Pouch I (First Pharyngeal Pouch)
- Elongates laterally to form the tubotympanic recess
- Gives rise to: Eustachian tube (proximal portion) and middle ear cavity (distal/lateral portion)
- The lateral end, together with the closing plate of the first cleft, forms the inner layer of the tympanic membrane
Pouch II (Second Pharyngeal Pouch)
- Endodermal layer forms the epithelial lining of the tonsillar fossa
- Contributes to the palatine tonsil (epithelium; mesenchymal elements incorporate the lymphoid tissue of the tonsil)

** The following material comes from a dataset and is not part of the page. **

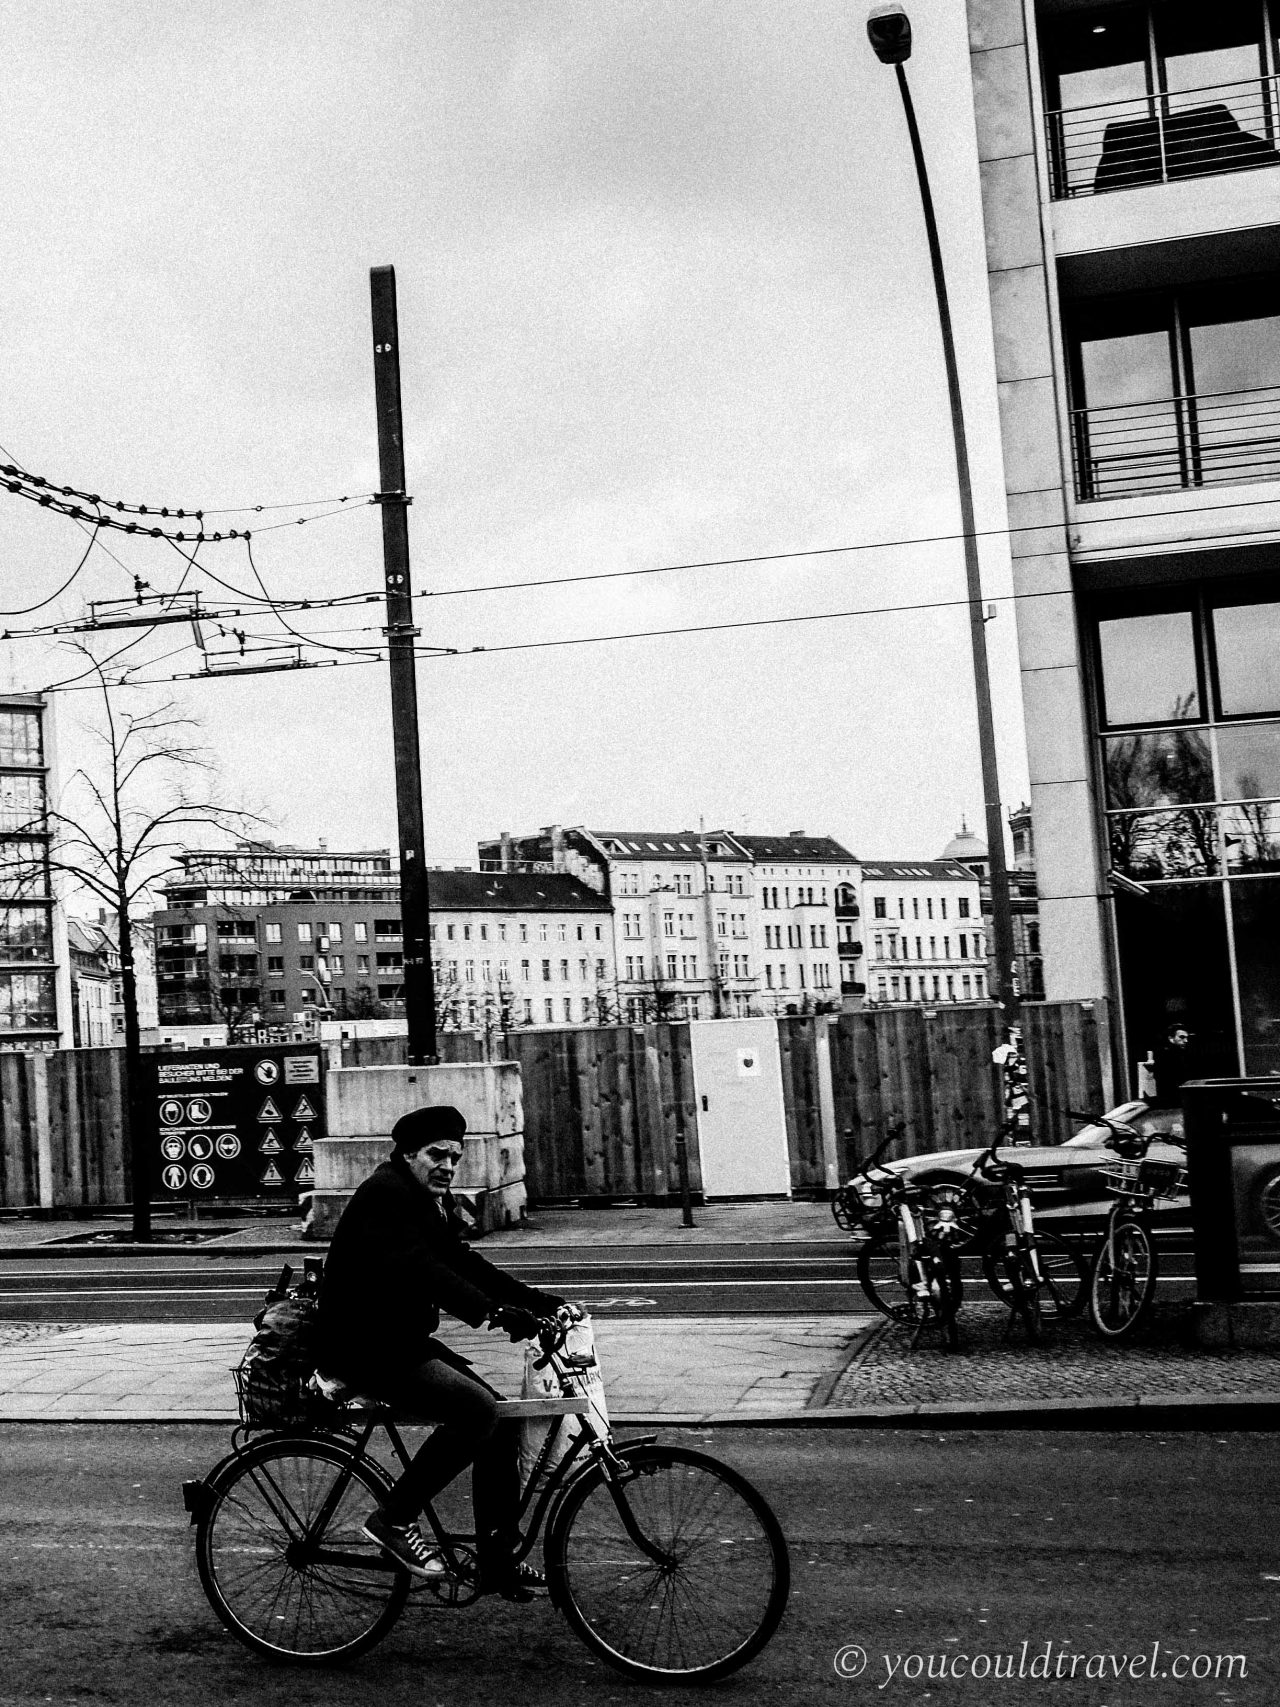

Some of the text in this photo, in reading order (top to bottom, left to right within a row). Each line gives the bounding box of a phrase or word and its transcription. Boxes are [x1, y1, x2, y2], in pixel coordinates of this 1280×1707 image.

[204, 1062, 221, 1070] UND
[158, 1070, 195, 1078] BESUCHER
[228, 1067, 244, 1075] DER

- Residual contact between second pouch endoderm and second cleft ectoderm = closing plate that normally disappears
Pouch III (Third Pharyngeal Pouch)
- Divided into superior and inferior portions:
- Superior portion → inferior parathyroid glands (parathyroid III)

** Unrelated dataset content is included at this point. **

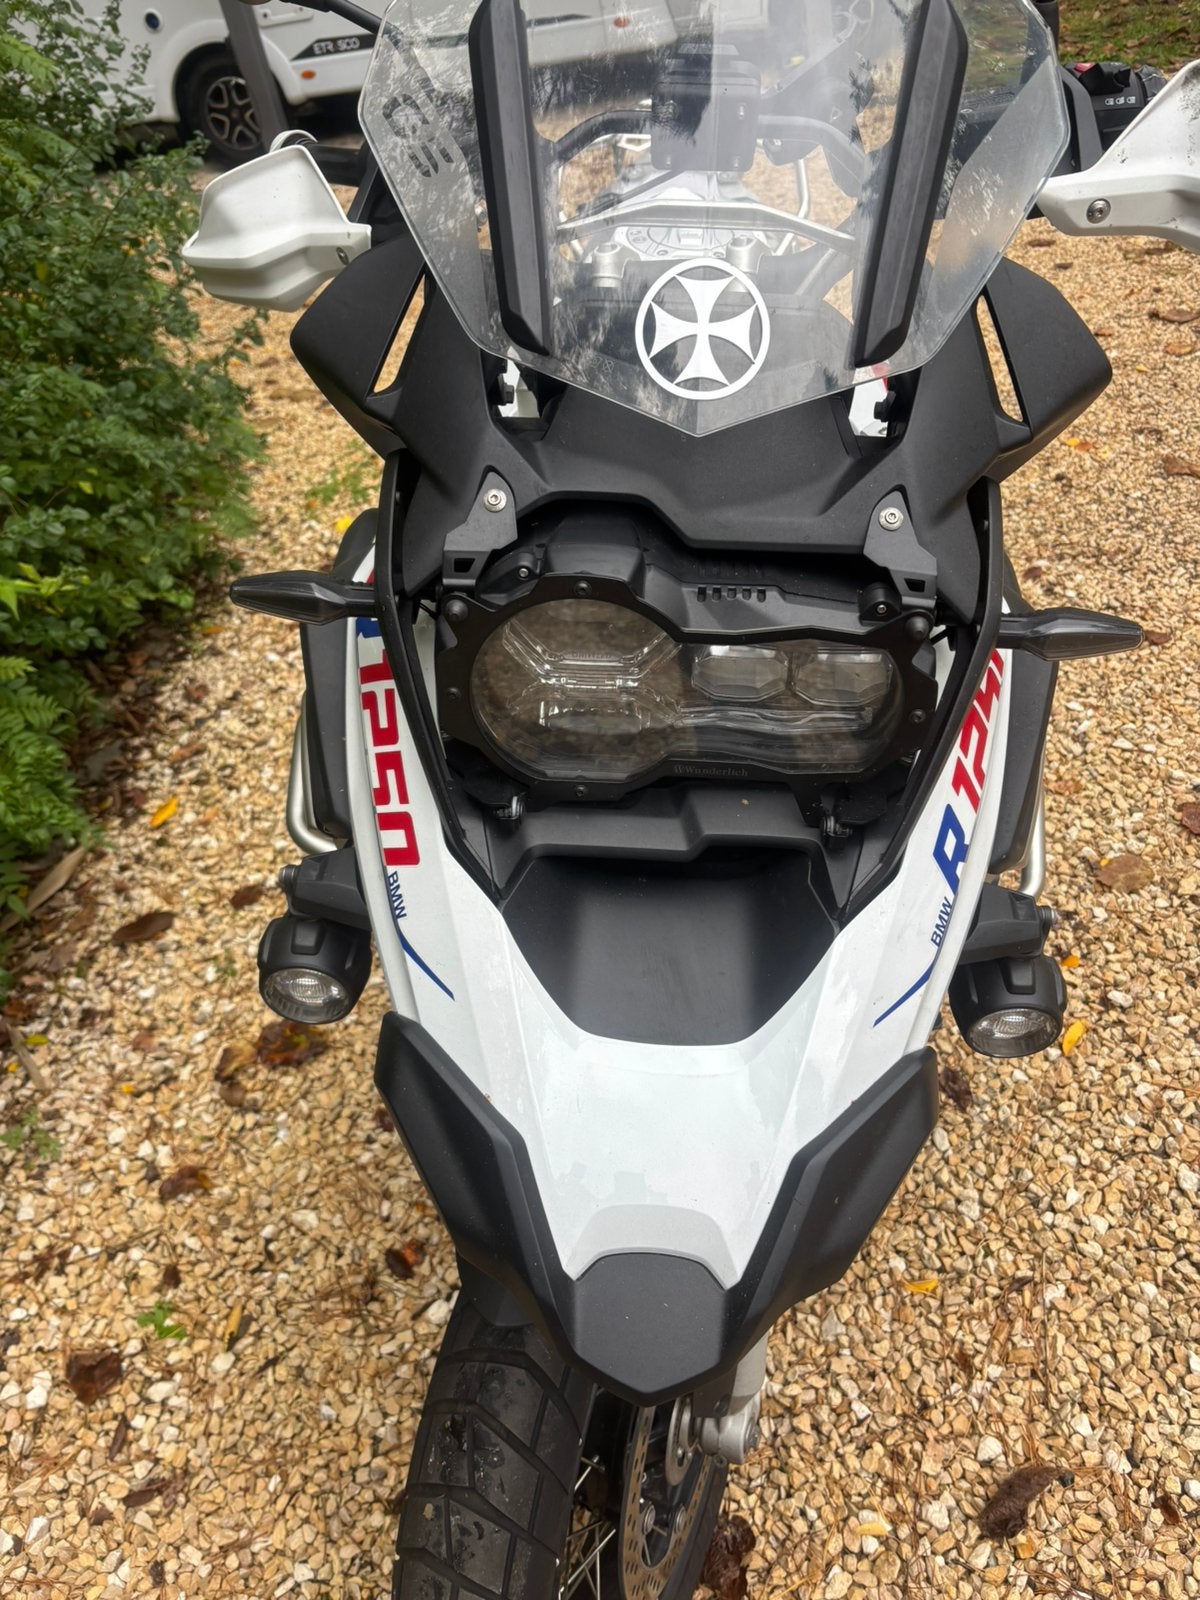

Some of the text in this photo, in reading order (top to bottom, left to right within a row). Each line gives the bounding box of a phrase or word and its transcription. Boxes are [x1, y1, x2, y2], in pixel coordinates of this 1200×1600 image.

[932, 803, 970, 896] R
[387, 870, 408, 920] BMW
[931, 896, 953, 947] BMW

- Inferior portion → thymic tissue (migrates caudally and medially into retrosternal mediastinum to form the thymus)
- Because the third pouch derivatives start superiorly and descend, the inferior parathyroid glands end up inferior to the superior parathyroid glands despite their name
Pouch IV (Fourth Pharyngeal Pouch)
- Endoderm forms the superior parathyroid glands (parathyroid IV)
- These descend only slightly, ending up in the superior poles of the thyroid gland
Pouch V (Fifth Pharyngeal Pouch / Ultimobranchial Body)

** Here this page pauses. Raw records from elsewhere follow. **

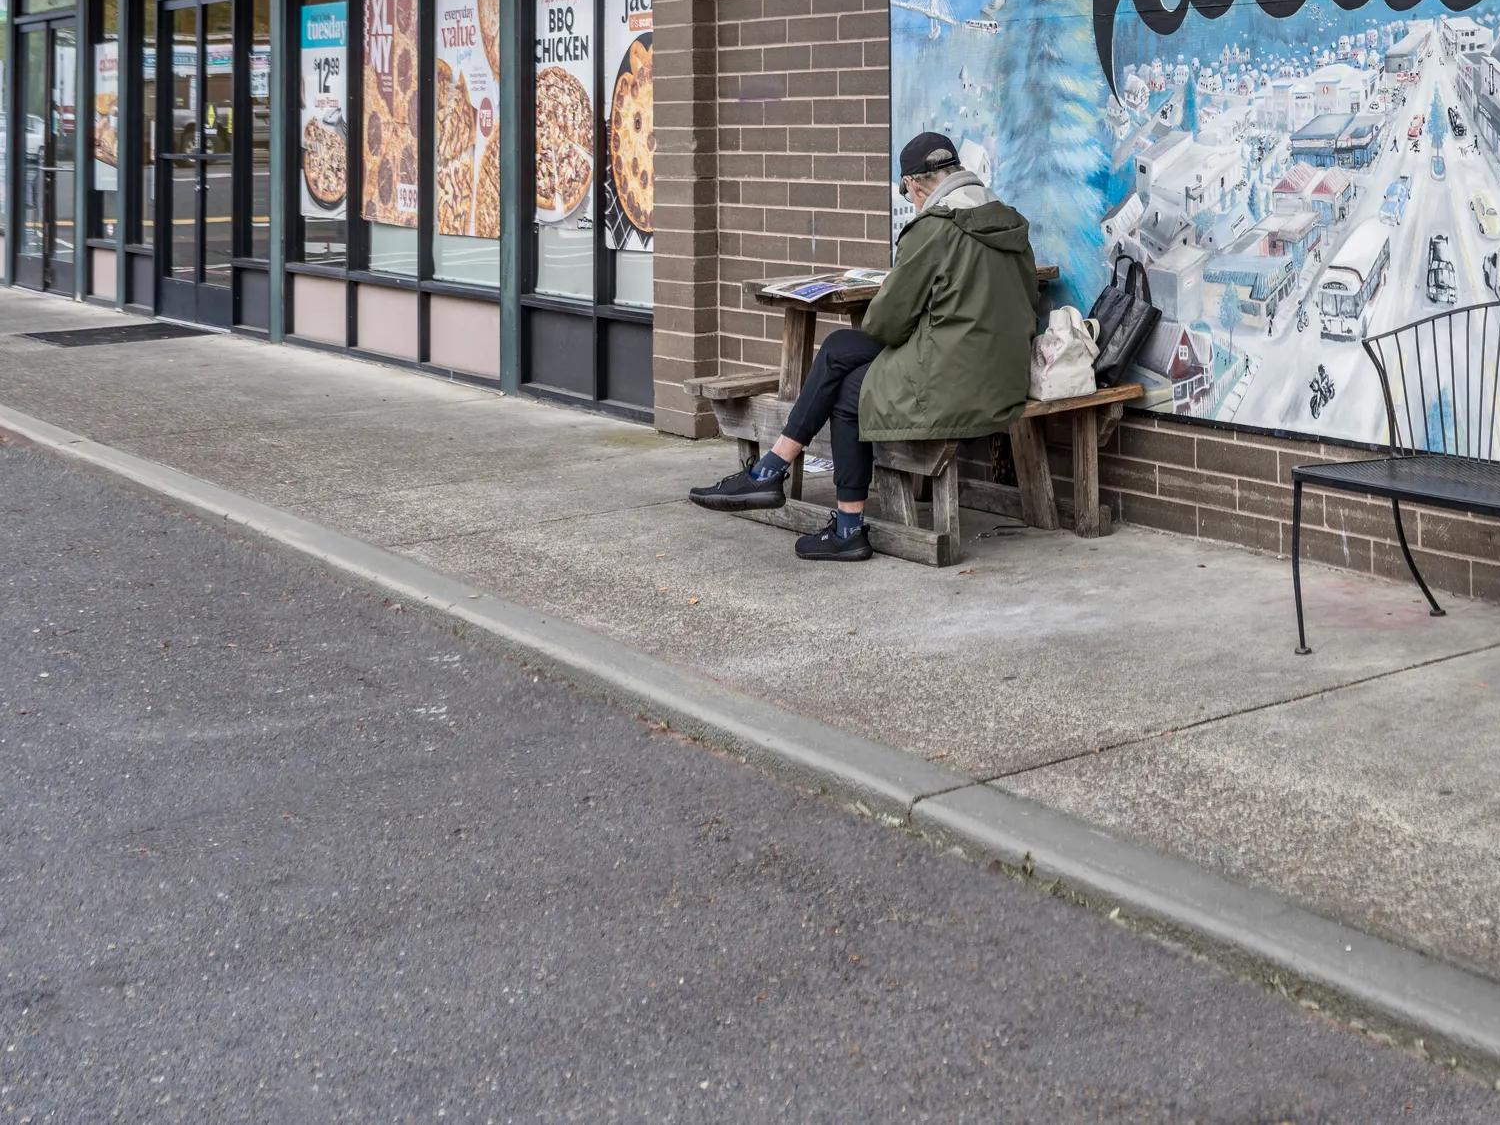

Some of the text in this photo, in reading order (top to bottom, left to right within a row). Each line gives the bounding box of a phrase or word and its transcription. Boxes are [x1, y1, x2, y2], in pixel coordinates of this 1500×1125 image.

[444, 4, 475, 22] everyday
[548, 6, 575, 35] BBQ
[306, 14, 347, 45] tuesday
[441, 19, 477, 49] value
[370, 35, 393, 74] NY
[534, 35, 589, 64] CHICKEN

- Sometimes called the "fifth pouch," "sixth pouch," or ultimobranchial body
- Infiltrated by neural crest cells that migrate to this region
- Incorporated into the thyroid gland as parafollicular C cells (calcitonin-secreting)
Summary Table: Pharyngeal Pouch Derivatives
| Pouch | Derivatives |
|---|
| I | Eustachian tube + middle ear cavity (tubotympanic recess); inner layer of tympanic membrane |
| II | Epithelium of tonsillar fossa + palatine tonsil |
| III (superior) | Inferior parathyroid glands (parathyroid III) |
| III (inferior) | Thymus |
| IV | Superior parathyroid glands (parathyroid IV) |
| V (ultimobranchial body) | Parafollicular C cells of thyroid (calcitonin-secreting) |
8. CERVICAL SINUS OF HIS
- Formed when the second arch grows caudally to overgrow the third and fourth arches
- Creates a transient ectodermal-lined space lateral to the neck
- Normally obliterates completely by week 7
- Failure of obliteration results in second branchial cleft cysts (most common branchial anomaly)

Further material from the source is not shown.